Pour Thomas Jolly, “cette figure du monstre, qui hante de nombreuses pièces de théâtre, me fascine car elle interroge profondément : quand sort-on de l’humanité ? Quand cesse-t-on d’être humain ?”
Dans une ville, le dragon à trois têtes règne tyranniquement sur la ville. Chaque année, une belle jeune fille lui est donnée et emmenée dans son repère et en meurt. Un visiteur arrive dans la maison de Charlemagne et Elsa.
Elsa sera la belle fille donnée au dragon prochainement. Le visiteur, Lancelot, est un chevalier héro. Il tombe amoureux d’Elsa et propose de se battre contre le dragon. L’histoire continuera dans cette fibre fantastico-médiévale.
La pièce dénonce le totalitarisme, la dictature. Elle nous interroge sur l’aveuglement des peuples, l’absence de rébellion et surtout dans le dernier acte sur l’émergence de nouveaux tyrans sans révolte des peuples ou de chacun. Les revirements d’opinion selon les évènements sont montrés. Être toujours dans le bon sens de la pensée commune. On comprend alors pourquoi ce texte a été censuré par Staline. Le fond de ce conte nous laisse réfléchir et joue sur notre propre pensée et notre propre capacité à refuser les situations contre la liberté. On y voit la soif de pouvoir, il y a toujours un tyran prêt à prendre le pouvoir à la chute d’un autre tyran. La corruption et les abus de pouvoir sont omniprésentes.
La pièce est un bijou qui nous plonge dans l’atmosphère de cette ville sous emprise. On rit des personnages. On s’amuse du dragon à trois têtes (véritablement). Le chat est sournois à souhait.

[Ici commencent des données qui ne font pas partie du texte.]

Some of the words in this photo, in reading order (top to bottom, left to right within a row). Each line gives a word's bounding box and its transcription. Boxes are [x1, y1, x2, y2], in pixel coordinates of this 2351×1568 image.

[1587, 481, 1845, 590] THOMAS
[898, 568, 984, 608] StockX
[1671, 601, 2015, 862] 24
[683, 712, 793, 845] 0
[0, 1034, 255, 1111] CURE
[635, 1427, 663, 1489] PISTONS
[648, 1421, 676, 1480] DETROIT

Le bourgmestre nous hallucine dans sa folie. On est pris dans cette atmosphère fantastique.
Thomas Jolly fait beaucoup de références dans ce texte. La grande table de festin est-elle une référence à son Thyeste ? Il y en a partout. La pièce est intense.

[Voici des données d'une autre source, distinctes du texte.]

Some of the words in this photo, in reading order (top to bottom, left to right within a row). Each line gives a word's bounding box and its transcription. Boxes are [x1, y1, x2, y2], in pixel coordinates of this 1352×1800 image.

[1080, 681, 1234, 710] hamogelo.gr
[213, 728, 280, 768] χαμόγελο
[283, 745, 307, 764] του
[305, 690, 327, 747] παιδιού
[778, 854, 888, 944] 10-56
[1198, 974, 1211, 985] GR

Je ne peux que souligner le jeu des acteurs qui sont tous parfaits. Le bourgmestre nous marque par son interprétation mais tous jouent de façon impeccable.
Tout est équilibré. La mise en scène est minutieuse, technique, grandiose, fantastique… Thomas Jolly nous livre une pièce de référence. Le décor est génial. Tout est fantastique et se met au service de ce conte fantastique dans lequel je suis tombée à pieds joints avec le plus grand plaisir.
On est au bord d’un chef d’œuvre. Même si je ne suis pas objective, Thomas Jolly nous livre une très grande leçon de théâtre.
A voir absolument.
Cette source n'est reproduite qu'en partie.